November 13, 2019
Federal Tax Law Change Did Not Seem to Hurt Nonprofits in 2018

February 7, 2019 — Early analysis of charitable giving in 2018—anxiously watched by nonprofits in Massachusetts and elsewhere for the impacts of the new federal tax law, which reduced the number of taxpayers who would itemize deductions—indicates mildly positive fundraising results for 2018, compared to 2017.

Fifty-four percent of fundraisers at nonprofits surveyed last month by the Association of Fundraising Professionals (AFP) said they raised more funds in 2018 compared to the year before, while 28% raised about the same and 18% reported raising less money.

Mike Geige, president and CEO of AFP, said that the 54% increase is "cause for concern," because in a strong economic climate, as was the case in 2018, other surveys show that 60% to 65% of respondents typically report higher fundraising results over the previous year.

George McCully, founder and CEO of the Catalogue for Philanthropy, a Watertown-based nonprofit that works to promote charitable giving through donor education, said, "Research has shown that while tax considerations in some cases may affect the level of a donor’s gift, the decision of whether or not to give in any specific case is made on value, not tax, considerations."

Approximately a third (36%) of the 384 AFP members participating in the 2018 Year-End Fundraising Survey reported the economy had a positive impact on their fundraising, while 35% indicated it had no or very little impact. A smaller portion (29%) felt the economy had a negative impact on their development efforts.

Approximately 54% of respondents said the changes in federal tax law had little or no impact on their fundraising, though 37% said the changes had a negative impact. Nine percent reported the tax changes having a positive impact on giving to their organization.

According to AFP, in general, respondents did not see the tax changes having much impact on donors. An overwhelming majority (73%) reported that very few or no donors expressed confusion or uncertainty about the tax changes.

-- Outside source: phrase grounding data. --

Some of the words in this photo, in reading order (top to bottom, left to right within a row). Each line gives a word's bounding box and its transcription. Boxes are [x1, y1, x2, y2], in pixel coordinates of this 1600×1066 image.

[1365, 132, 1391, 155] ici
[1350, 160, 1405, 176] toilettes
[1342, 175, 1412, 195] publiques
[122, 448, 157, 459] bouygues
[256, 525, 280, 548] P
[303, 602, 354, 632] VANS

An even higher proportion (81%) indicated that very few or no donors expressed plans to delay giving until 2019 or use techniques like “bundling” to take advantage of the itemized charitable deduction. “Bundling” refers to donors giving every other year or every three years to accumulate sufficient gift levels to give to a charity and take advantage of the itemized charitable deduction.

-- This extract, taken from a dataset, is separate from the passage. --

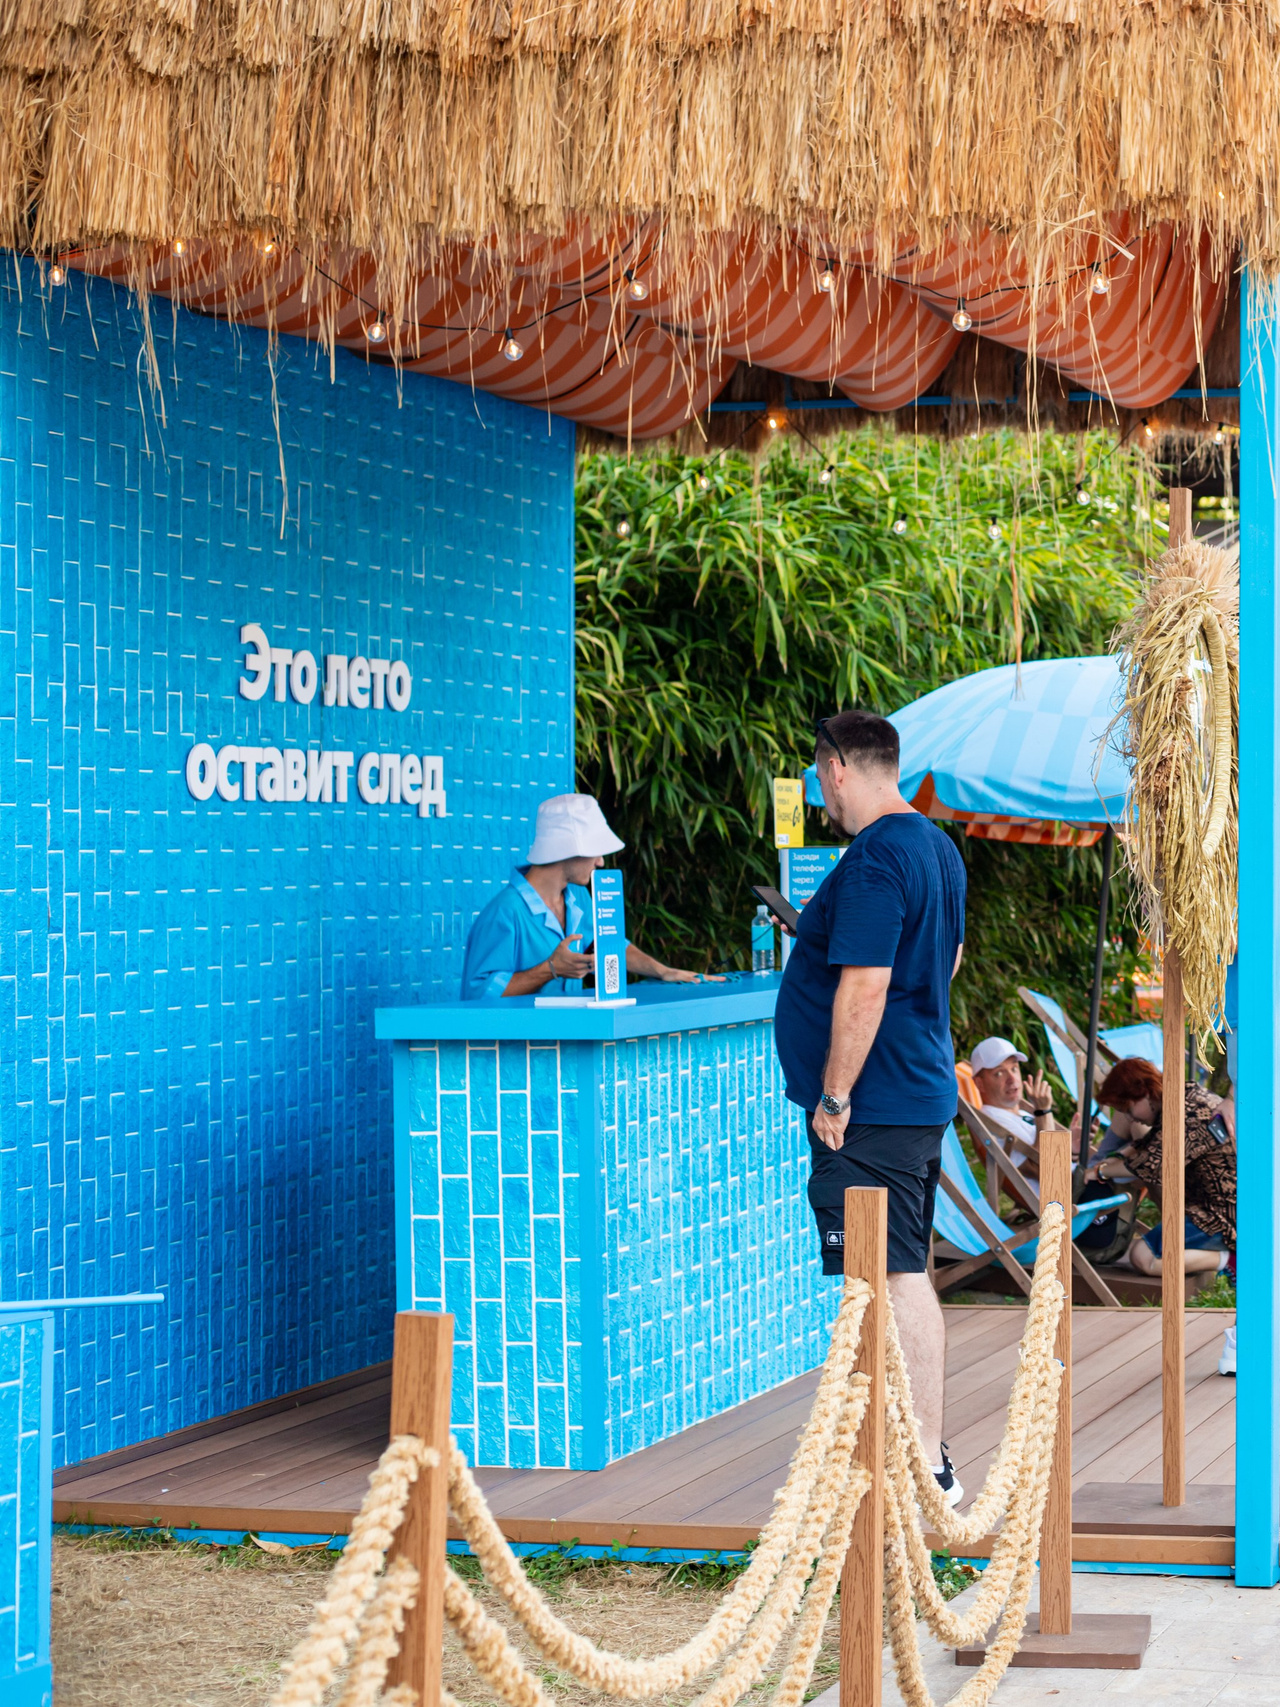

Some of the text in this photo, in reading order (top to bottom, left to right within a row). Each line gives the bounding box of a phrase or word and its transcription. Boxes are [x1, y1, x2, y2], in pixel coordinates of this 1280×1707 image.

The new tax law, which took effect Jan. 1, doubled the amount of the standard deduction that individuals can claim on their tax returns, effectively raising the cost of making charitable contributions. Many people feared that this could slash the number of individuals utilizing the charitable giving tax deduction by more than half, leading to reduced charitable giving.

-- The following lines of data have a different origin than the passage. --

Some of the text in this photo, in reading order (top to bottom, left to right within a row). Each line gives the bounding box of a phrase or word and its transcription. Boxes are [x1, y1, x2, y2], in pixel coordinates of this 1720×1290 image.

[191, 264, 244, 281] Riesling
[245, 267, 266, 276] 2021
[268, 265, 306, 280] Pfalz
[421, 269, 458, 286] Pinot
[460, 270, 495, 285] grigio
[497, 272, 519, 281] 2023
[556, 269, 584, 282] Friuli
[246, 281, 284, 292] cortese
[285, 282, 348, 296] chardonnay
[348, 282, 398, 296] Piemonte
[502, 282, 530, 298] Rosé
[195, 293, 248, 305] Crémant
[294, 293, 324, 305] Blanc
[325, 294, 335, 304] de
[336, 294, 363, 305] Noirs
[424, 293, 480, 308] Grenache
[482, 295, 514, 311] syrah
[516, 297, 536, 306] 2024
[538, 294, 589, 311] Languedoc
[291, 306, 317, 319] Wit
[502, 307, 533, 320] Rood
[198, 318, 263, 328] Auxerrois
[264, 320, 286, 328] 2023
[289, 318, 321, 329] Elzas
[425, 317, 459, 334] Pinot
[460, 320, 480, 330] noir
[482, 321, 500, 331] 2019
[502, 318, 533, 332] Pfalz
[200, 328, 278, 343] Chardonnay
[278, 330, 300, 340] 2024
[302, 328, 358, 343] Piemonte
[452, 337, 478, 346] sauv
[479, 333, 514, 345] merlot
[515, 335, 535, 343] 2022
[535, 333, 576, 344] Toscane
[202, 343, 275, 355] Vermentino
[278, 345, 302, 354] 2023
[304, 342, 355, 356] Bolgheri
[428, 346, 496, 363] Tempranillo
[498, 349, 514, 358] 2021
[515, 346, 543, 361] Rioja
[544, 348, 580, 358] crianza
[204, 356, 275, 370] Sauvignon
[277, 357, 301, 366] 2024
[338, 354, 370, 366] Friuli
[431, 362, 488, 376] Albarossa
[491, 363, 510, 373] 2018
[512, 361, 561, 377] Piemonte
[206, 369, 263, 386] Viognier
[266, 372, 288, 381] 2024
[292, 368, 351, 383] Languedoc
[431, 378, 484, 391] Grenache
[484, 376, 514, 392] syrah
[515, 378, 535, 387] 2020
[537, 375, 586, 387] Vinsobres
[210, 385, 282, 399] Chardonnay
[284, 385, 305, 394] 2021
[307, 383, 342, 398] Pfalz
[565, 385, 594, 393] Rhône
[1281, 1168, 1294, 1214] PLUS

A preliminary picture of charitable giving to Massachusetts organizations is not yet available and an accurate assessment may be not be forthcoming, as calculations of charitable giving typically rely on analyses of deductions taken on federal tax returns. With many people continuing to make charitable donations, but not itemizing those contributions on their tax returns, capturing those giving levels is difficult.